Objective: To determine the efficacy of dapagliflozin in reducing cardiovascular events and improving clinical outcomes in patients with systolic heart failure. Study Design: Randomized Controlled Trial. Settings: Department of Internal Medicine and Cardiology, PAF Hospital, Islamabad. Study Period: November 2022 to April 2024. Method: A total of 1470 systolic heart failure (HF) patients aged ≥ 18 years with symptoms of New York Heart Association class (NYHA) II, III or IV, ejection fraction ≤ 40% and raised levels of plasma pro-B-type natriuretic peptide (pro-BNP) were enrolled in the study and randomized in 2 equal groups of 735 patients each. In Group-A, patients received dapagliflozin 10 mg once daily while the patients in Group-B received a matching placebo, over a period of one year. The primary outcome was set as worsening of HF (unplanned consultation/hospitalization due to HF). The secondary outcome was a change in the Kansas City Cardiomyopathy Questionnaire (KCCQ). Results: The mean age of participants in this study was 64.81±7.98 years.
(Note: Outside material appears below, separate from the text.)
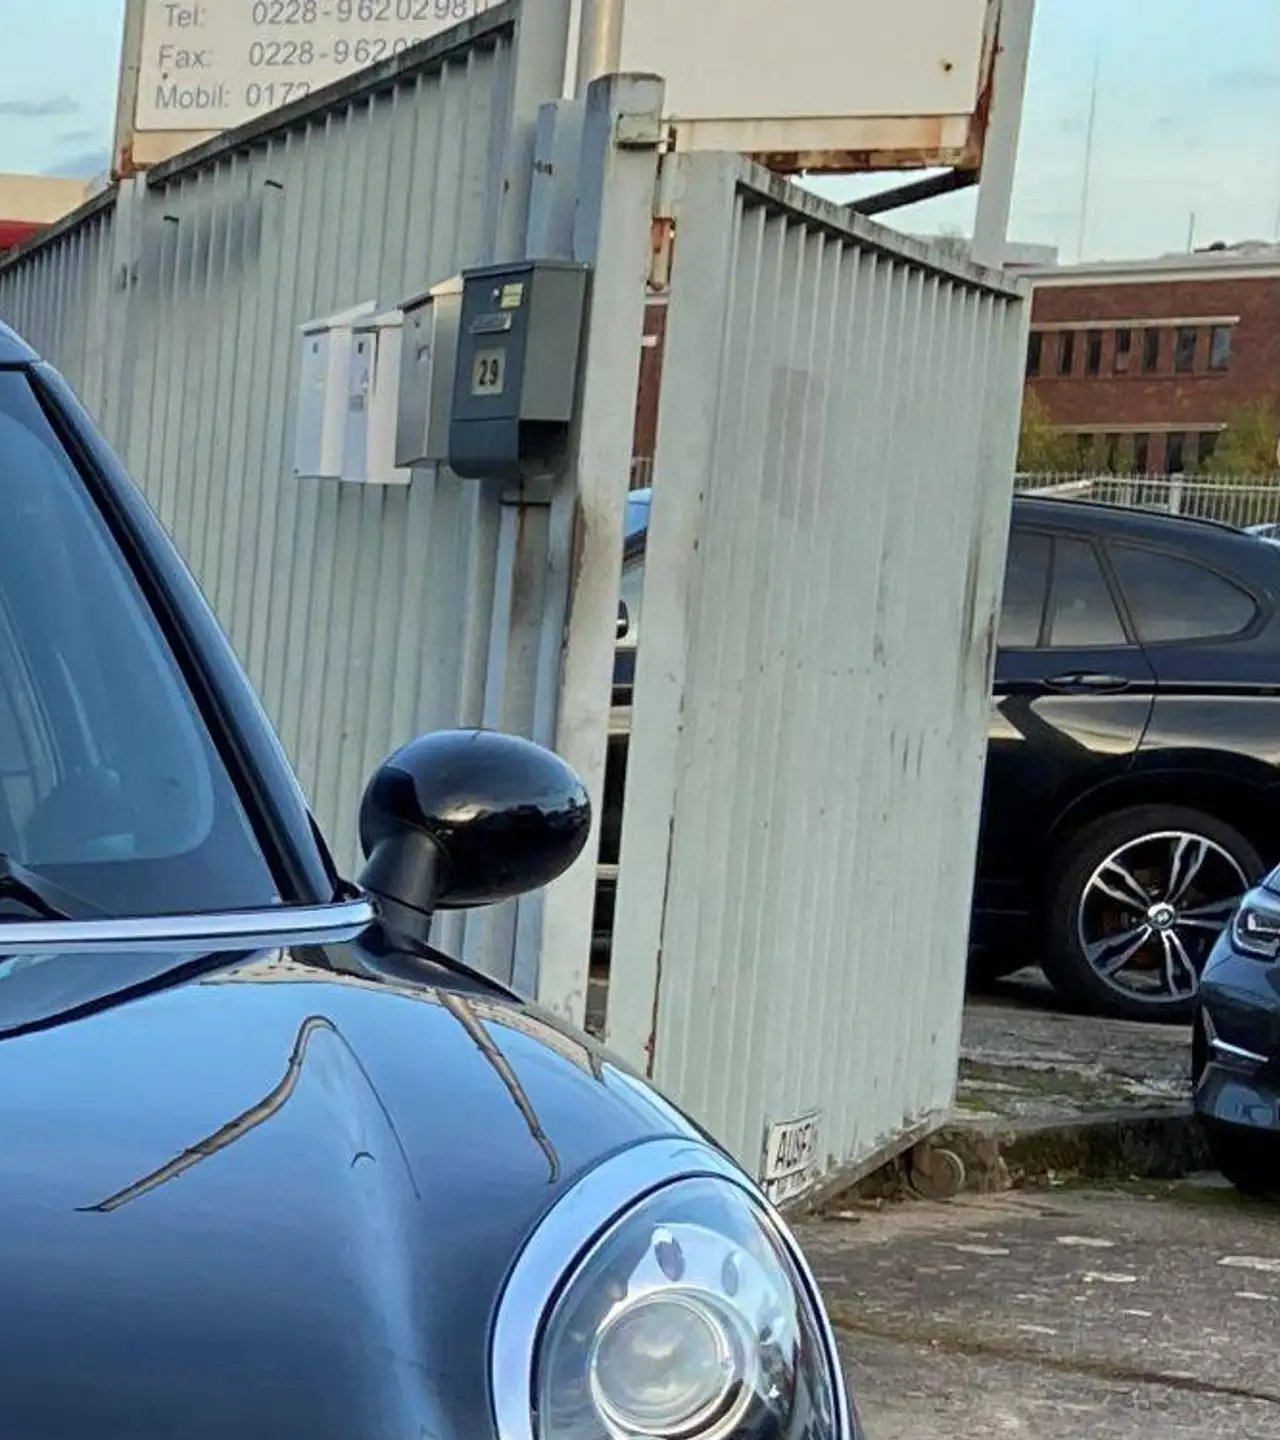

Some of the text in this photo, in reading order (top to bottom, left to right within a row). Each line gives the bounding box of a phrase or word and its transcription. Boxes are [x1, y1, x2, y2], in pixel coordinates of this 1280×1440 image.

[164, 3, 207, 28] Tel:
[154, 84, 232, 109] Mobil:
[479, 359, 499, 386] 29
The results showed that worsening of heart failure (19.05% Vs 26% respectively, p-value=0.001), unplanned hospital visits due to HF (10.34% Vs 14.1% respectively, p-value=0.031), hospitalization due to HF (8.84% Vs 12.65% respectively, p-Value=0.032) was significantly lower and statistically significant change in KCCQ score (5.2±17.6 Vs 3.1±18.4 respectively, p-value=0.026) was observed in Group-A compared to Group-B. Conclusion: In systolic heart failure patients with reduced ejection fraction, dapagliflozin lowered the risk of worsening of heart failure and improved the symptoms of heart failure.